*** Opening MATERIAL TO PROCESS ***
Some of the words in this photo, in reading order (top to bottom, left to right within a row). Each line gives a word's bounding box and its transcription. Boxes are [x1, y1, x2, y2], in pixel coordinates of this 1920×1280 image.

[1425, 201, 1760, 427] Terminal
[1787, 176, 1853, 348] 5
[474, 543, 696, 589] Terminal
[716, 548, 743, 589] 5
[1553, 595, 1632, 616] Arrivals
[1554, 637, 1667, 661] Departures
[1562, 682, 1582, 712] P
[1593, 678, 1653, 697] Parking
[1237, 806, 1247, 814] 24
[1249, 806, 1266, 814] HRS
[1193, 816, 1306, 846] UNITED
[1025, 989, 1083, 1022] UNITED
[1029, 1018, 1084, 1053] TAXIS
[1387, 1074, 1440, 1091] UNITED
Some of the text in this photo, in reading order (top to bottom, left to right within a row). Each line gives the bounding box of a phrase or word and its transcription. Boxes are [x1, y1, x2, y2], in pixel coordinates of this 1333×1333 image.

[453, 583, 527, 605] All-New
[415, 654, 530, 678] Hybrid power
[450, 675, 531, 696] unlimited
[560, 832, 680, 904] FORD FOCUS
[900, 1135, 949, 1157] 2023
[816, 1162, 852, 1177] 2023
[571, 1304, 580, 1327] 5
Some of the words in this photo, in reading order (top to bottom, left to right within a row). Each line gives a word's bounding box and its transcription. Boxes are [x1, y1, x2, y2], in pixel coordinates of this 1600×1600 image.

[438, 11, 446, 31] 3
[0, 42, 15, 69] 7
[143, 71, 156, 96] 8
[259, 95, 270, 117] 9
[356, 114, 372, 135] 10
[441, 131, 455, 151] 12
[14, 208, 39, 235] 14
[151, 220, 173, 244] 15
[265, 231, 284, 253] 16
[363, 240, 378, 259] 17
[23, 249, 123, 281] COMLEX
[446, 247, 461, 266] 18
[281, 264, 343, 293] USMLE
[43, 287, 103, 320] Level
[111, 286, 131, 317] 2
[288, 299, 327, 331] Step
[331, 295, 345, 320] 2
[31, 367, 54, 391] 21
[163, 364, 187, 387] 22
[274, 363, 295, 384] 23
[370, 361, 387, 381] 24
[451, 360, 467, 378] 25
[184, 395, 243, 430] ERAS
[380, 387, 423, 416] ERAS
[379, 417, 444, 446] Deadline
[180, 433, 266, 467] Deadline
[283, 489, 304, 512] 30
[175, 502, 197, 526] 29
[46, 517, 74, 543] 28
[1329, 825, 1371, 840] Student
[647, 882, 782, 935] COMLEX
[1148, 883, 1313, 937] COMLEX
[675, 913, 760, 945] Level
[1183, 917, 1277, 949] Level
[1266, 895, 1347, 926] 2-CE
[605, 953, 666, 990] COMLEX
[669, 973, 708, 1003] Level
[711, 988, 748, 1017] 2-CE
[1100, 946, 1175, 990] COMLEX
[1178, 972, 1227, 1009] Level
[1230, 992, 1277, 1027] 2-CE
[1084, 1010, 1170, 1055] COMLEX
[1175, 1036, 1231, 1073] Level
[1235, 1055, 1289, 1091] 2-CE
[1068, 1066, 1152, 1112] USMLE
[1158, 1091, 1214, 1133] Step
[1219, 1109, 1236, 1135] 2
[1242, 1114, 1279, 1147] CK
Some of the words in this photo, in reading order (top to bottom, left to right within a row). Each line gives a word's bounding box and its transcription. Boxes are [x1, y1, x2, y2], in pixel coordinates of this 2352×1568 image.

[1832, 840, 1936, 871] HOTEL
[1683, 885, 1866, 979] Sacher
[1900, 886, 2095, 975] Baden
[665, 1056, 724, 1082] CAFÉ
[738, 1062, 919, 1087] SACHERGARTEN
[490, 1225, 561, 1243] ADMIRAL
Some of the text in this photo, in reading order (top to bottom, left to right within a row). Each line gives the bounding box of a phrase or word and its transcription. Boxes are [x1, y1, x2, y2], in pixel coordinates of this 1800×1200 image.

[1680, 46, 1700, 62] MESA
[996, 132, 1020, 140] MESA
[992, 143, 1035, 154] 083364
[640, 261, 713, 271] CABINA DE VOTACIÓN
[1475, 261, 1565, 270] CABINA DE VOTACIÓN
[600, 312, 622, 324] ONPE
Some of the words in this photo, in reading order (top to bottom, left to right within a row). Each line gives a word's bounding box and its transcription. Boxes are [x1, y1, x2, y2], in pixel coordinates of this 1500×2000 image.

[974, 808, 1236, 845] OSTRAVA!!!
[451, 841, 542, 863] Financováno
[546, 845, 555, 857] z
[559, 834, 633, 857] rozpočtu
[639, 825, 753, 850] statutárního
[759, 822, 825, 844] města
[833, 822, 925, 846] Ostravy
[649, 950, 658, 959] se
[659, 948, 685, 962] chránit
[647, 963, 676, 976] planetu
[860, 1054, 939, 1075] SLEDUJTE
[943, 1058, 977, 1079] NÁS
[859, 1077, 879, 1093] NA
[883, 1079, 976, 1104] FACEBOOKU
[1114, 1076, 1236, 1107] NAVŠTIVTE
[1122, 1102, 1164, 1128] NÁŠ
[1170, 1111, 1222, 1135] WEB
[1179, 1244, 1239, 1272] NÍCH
*** Closing MATERIAL TO PROCESS ***
→ **ACTIVITY**: For the lines from the one containing "this 1500×2000 image." through the end of the listing above, output each exactly and leave out the rest.

→ **ANSWER BOX**:
Some of the words in this photo, in reading order (top to bottom, left to right within a row). Each line gives a word's bounding box and its transcription. Boxes are [x1, y1, x2, y2], in pixel coordinates of this 1500×2000 image.

[974, 808, 1236, 845] OSTRAVA!!!
[451, 841, 542, 863] Financováno
[546, 845, 555, 857] z
[559, 834, 633, 857] rozpočtu
[639, 825, 753, 850] statutárního
[759, 822, 825, 844] města
[833, 822, 925, 846] Ostravy
[649, 950, 658, 959] se
[659, 948, 685, 962] chránit
[647, 963, 676, 976] planetu
[860, 1054, 939, 1075] SLEDUJTE
[943, 1058, 977, 1079] NÁS
[859, 1077, 879, 1093] NA
[883, 1079, 976, 1104] FACEBOOKU
[1114, 1076, 1236, 1107] NAVŠTIVTE
[1122, 1102, 1164, 1128] NÁŠ
[1170, 1111, 1222, 1135] WEB
[1179, 1244, 1239, 1272] NÍCH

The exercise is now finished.